Jovo Simanić

Personal information
- Full name: Jovica Simanić
- Date of birth: 8 August 1965 (age 60)
- Place of birth: Zrenjanin, SFR Yugoslavia
- Height: 1.93 m (6 ft 4 in)
- Position: Centre back

Senior career*
- Years: Team / Apps / (Gls)
- 1989–1991: Proleter Zrenjanin / 80 / (16)
- 1992–1993: VfB Stuttgart II / 18 / (2)
- 1992: VfB Stuttgart / 0 / (0)
- 1993–1994: Benfica / 0 / (0)
- 1994–1995: Boavista / 5 / (0)
- 1995–1996: Famalicão / 11 / (1)
- 1996–1997: Ovarense / 12 / (0)
- 1997–2000: Proleter Zrenjanin / 68 / (7)
- Total:  / 194 / (26)

Managerial career
- 2002: Proleter Zrenjanin
- 2012–2013: Sloga Petrovac

= Jovo Simanić =

Serbian footballer

Jovica "Jovo" Simanić (Serbian Cyrillic: Јовица "Јово" Симанић; born 8 August 1965) is a Serbian former professional footballer who played as a central defender.

==Career==
Born in Zrenjanin in the Socialist Federal Republic of Yugoslavia, Simanić started and ended his 11-year professional career with hometown club Proleter Zrenjanin, scoring 16 goals, but also played abroad in Germany and Portugal. In January 1992, he joined VfB Stuttgart, appearing almost exclusively for the reserve team. On 30 September 1992, in his only appearance for the main squad, a UEFA Champions League play-off match against Leeds United, he was introduced in the last minutes of a 4–1 away loss by manager Christoph Daum, causing Stuttgart to play with one foreign player too many; the Germans would have won on the away goals rule but, after being punished with a 3–0 defeat instead, the two teams had to play a third match, which ended 2–1 for the English side.

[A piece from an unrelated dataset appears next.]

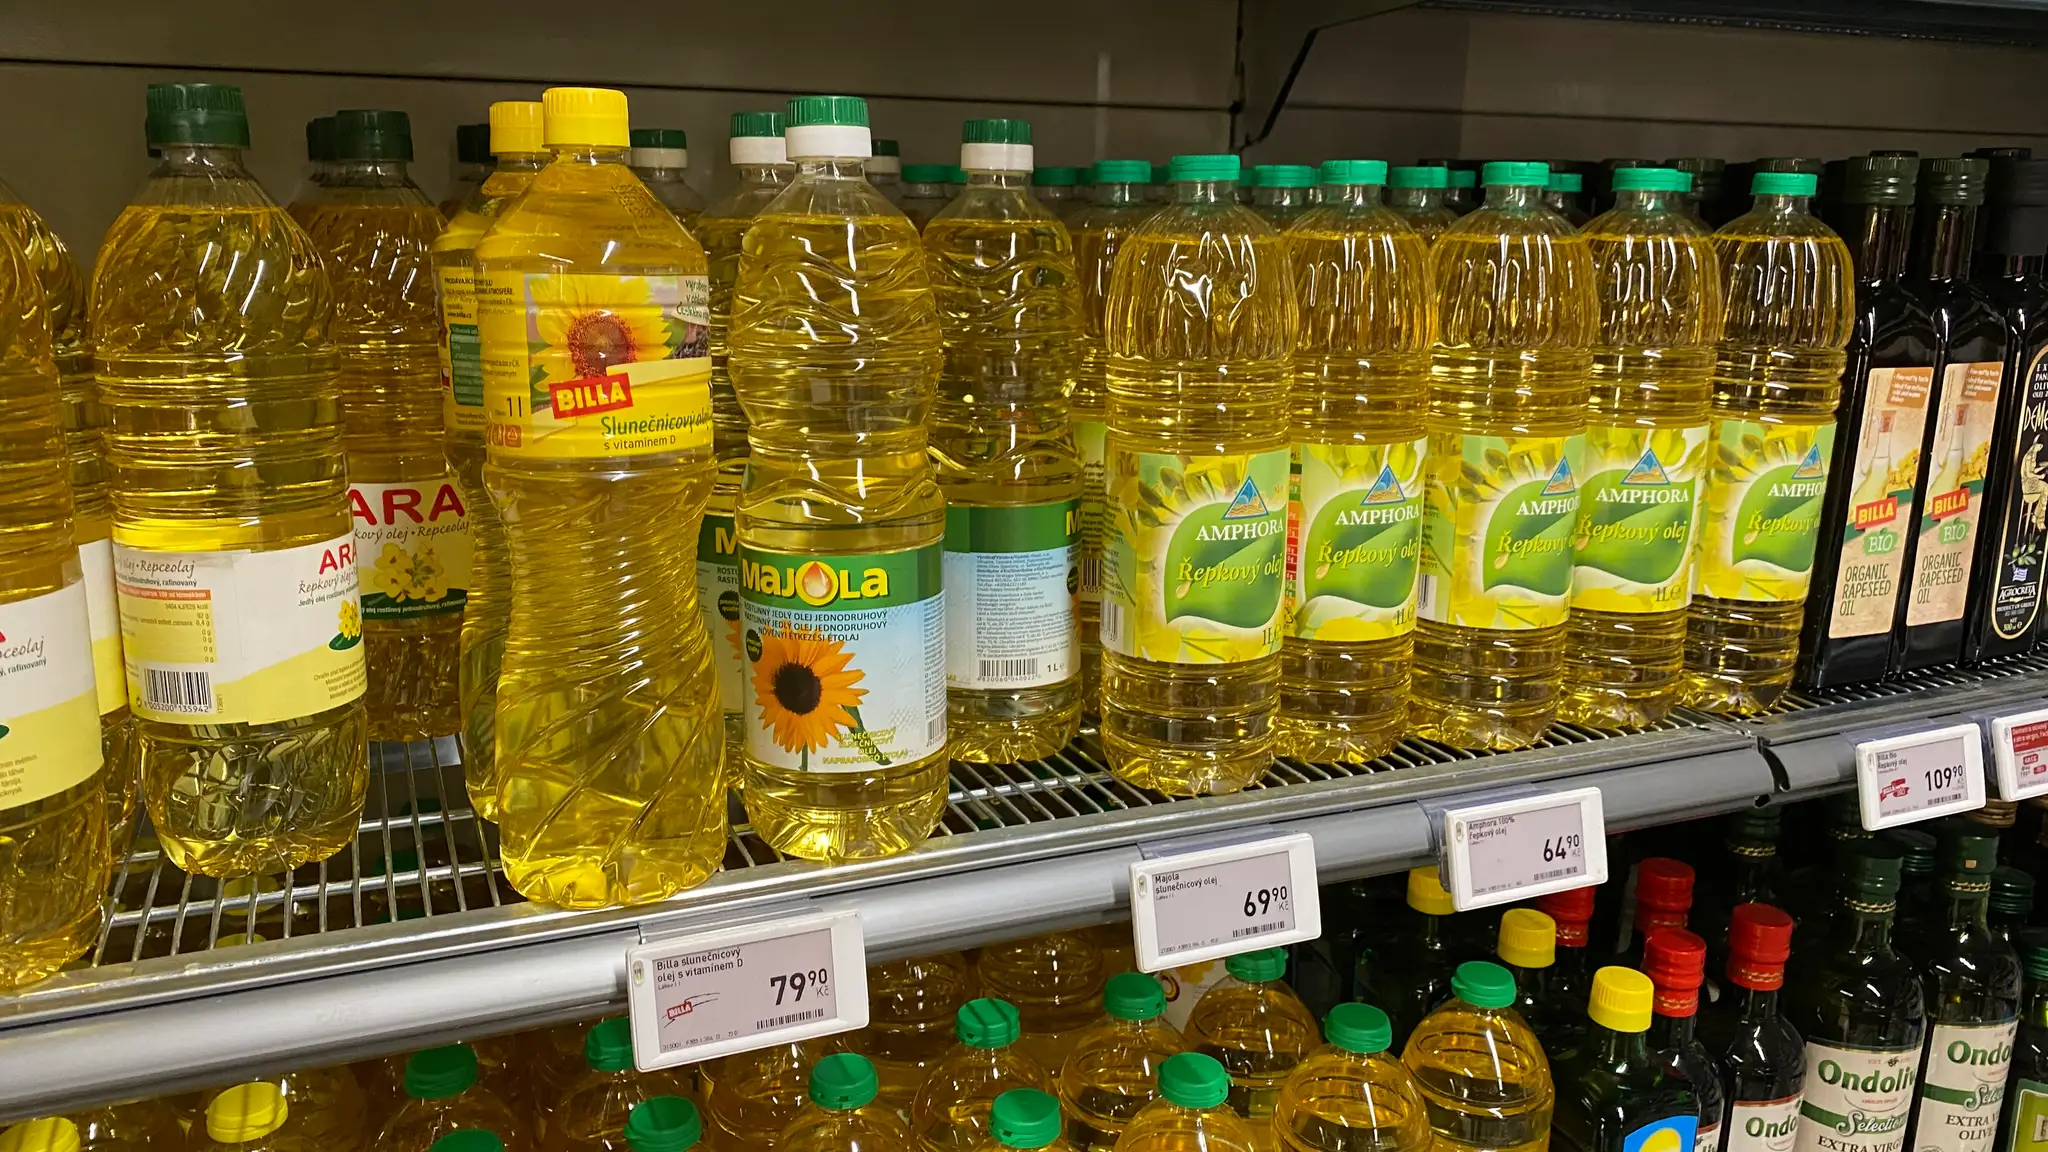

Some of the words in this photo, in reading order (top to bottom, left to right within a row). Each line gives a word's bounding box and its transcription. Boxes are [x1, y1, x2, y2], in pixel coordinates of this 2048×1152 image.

Simanić then represented Benfica, being called to the bench twice and Boavista in six Primeira Liga games, after which he competed in the country's second (Famalicão) and third divisions for Ovarense. He returned to his country aged 32 and played for Proleter, retiring from football three years later.